Brioche is fantastic on its own, but it is also a great “utility bread” for making all kinds of other dishes, both savory and sweet. Fortunately (or unfortunately) for you, I have a tremendous sweet tooth, so after having made brioche my mind immediately went to all of the dessert applications that such a rich bread could have.

This blog will showcase two desserts that can be made with brioche. Both are fruit related and relatively simple to make. If you only wish to make these desserts and not the bread, feel free to buy the bread from a store. You can also substitute any rich, egg-heavy bread for brioche if you wish.

Sortie I: Brioche Pear Tart

Boobies.

A pair of pared pears does not a healthy dessert make. Appearances can be deceiving. In fact, health is not a peartinent factor in the prepearation of either of these desserts. Pearmit yourself these simple indulgences, or pearish after living a flavorless life.

Prep time: ~25 minutes
Adapted from Jacque Pépin’s “Fast Food, My Way,” episode 220.
Serves 4

2 large pears*
4 slices of brioche
~3 tbsp of butter
~4 tbsp of sugar
4 tbsp honey
salt
1/2 cup whipped cream

*This is if you are using muffin tins to make single-serve tarts. Use 1/2 pear per person. Try to find pears with the width slightly wider than your muffin tins themselves. You can also make a large tart with an oven-safe, non-stick pan. You will need 4 large pears or 5-6 medium-sized ones. If you do not have pears, apples and peaches can also work.

Cooking

This is a quick and dirty dessert. First, take your pears out. Peel and core them. If you are making single-serve tarts, the best way is to cut them in half through the cross section. Core the pear and trim the top half so it is as spherical as the bottom half. That way, you can layer a single piece of fruit onto each “crust” made from brioche. If you are making a large tart, dice the pear into 1-inch slices. I know in my photos I diced my pears, but in retrospect that is not the best way to prepare the pears for single-serve tarts.

lots of boobies

LOL WUT?

Place the pears into a non-stick pan (oven safe pan if you are making a large tart. The pan will hold the tart as it bakes in the oven). Add honey, 2 tablespoons of sugar, and a tablespoon of butter. Cook over medium heat, covered, for about 3-10 minutes depending on how ripe and soft your pears are. The crispier your pears, the longer you will need to cook them until they are tender.

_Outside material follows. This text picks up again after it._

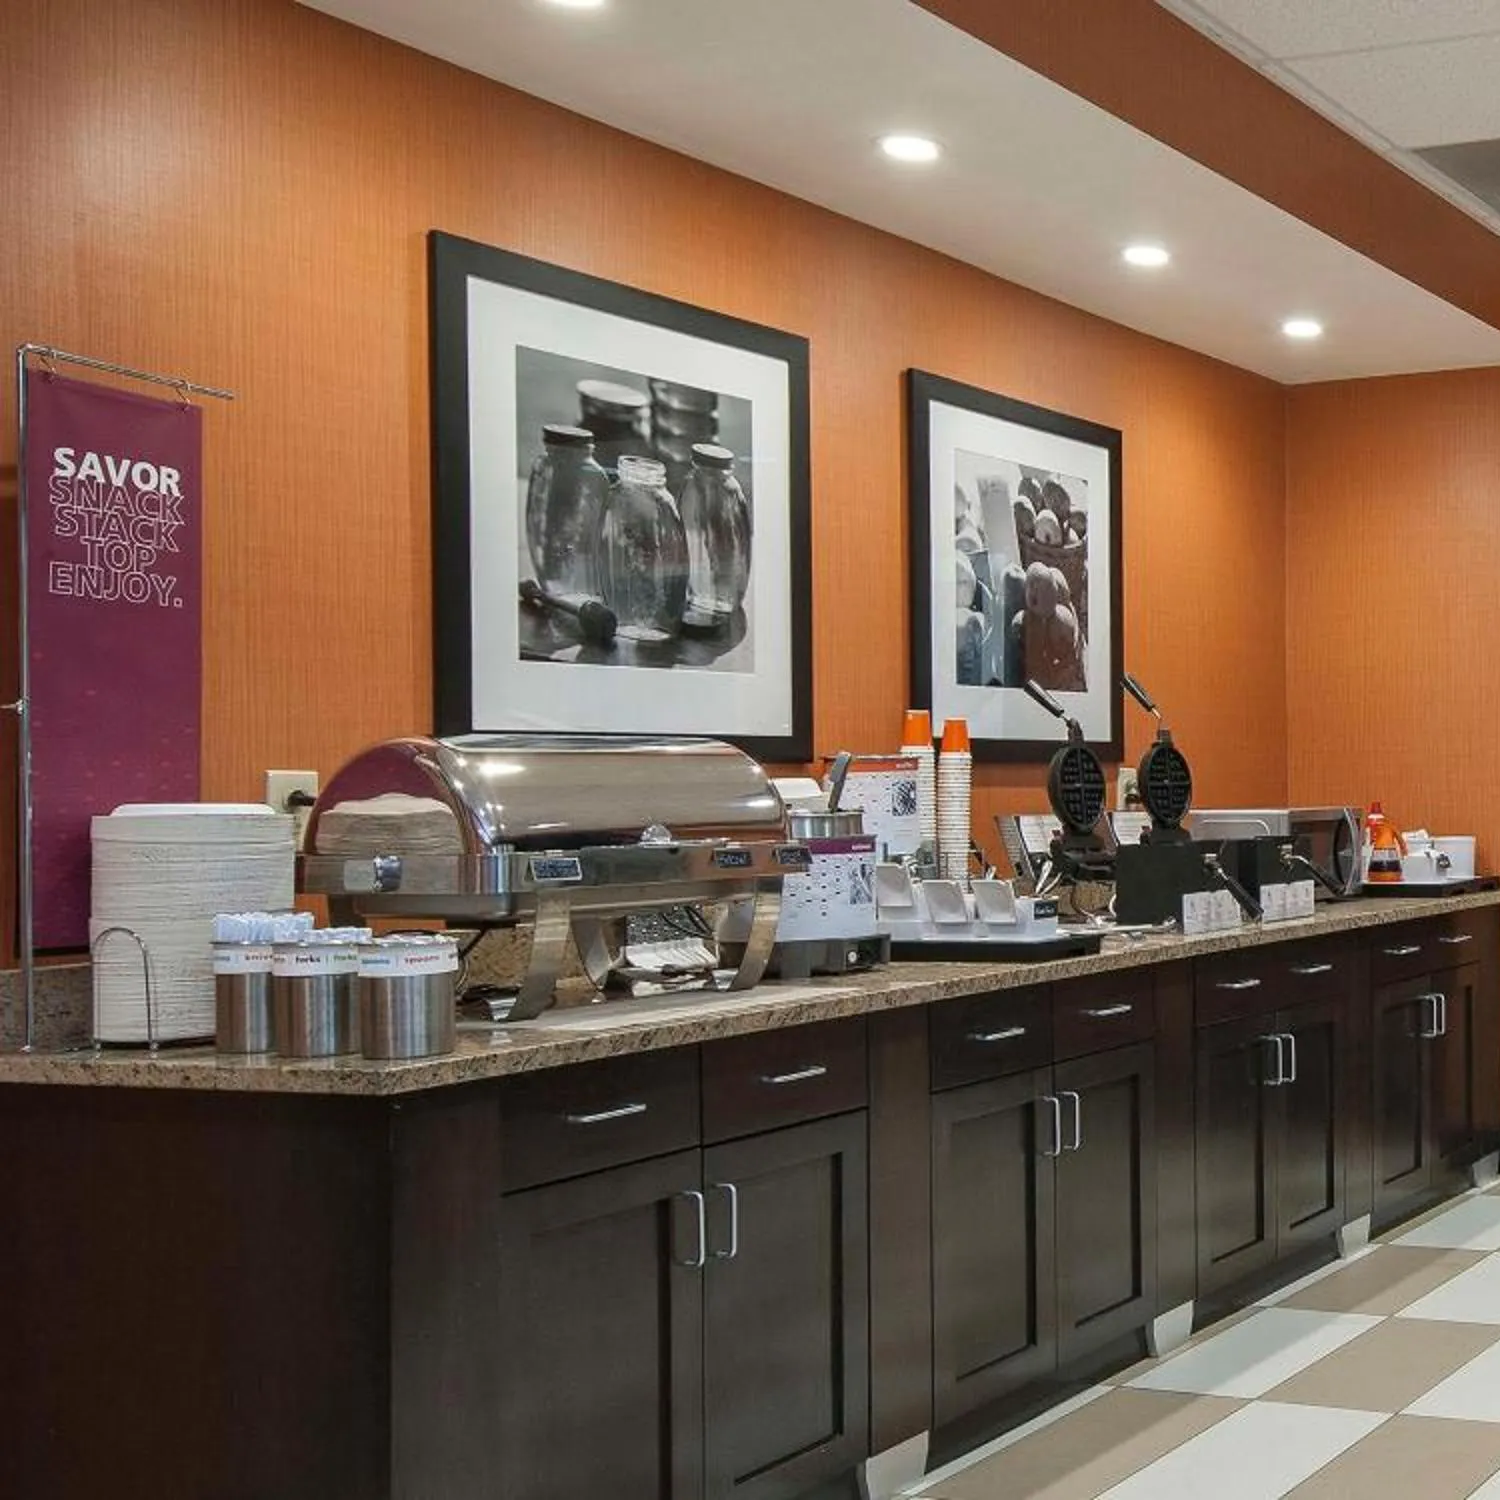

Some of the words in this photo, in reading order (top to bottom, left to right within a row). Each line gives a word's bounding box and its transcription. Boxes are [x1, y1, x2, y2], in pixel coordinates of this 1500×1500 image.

Once the pears are tender (or almost tender), uncover and cook the pears down until they are golden and caramelized.

Best boobies you've never seen.

King Midas could do this instantly but you’re gonna need a few minutes on the stove.

As the pears cook, slice your brioche if it isn’t sliced yet. If you are making single serve tarts, cut circular shapes out of the brioche the size of the muffin tin tops. These circles will be the “crust” on which the fruit ultimately rests on. Otherwise, you will want to cut the brioche in such a way that you can lay pieces of it over your pan of fruit to form the crust.

Boobalicious boobies

Be careful not to stab yourself with the knife. Blood is not a required ingredient in this dessert.

Pre-heat your oven to 400F (~200C). Butter your brioche on one side and sprinkle some sugar over them. Spoon the pears into the muffin tin (or keep them in the pan) and place the brioche circles on top of the pears, with the buttered side facing UP. Bake for about 10 minutes, or until the bread is toasted and caramelized on top.

Tantalizing boobies.

A fairly easy dessert, right? Even if it’s not as easy as your last night’s dessert of six sugar packets poached from the nearest coffee shop.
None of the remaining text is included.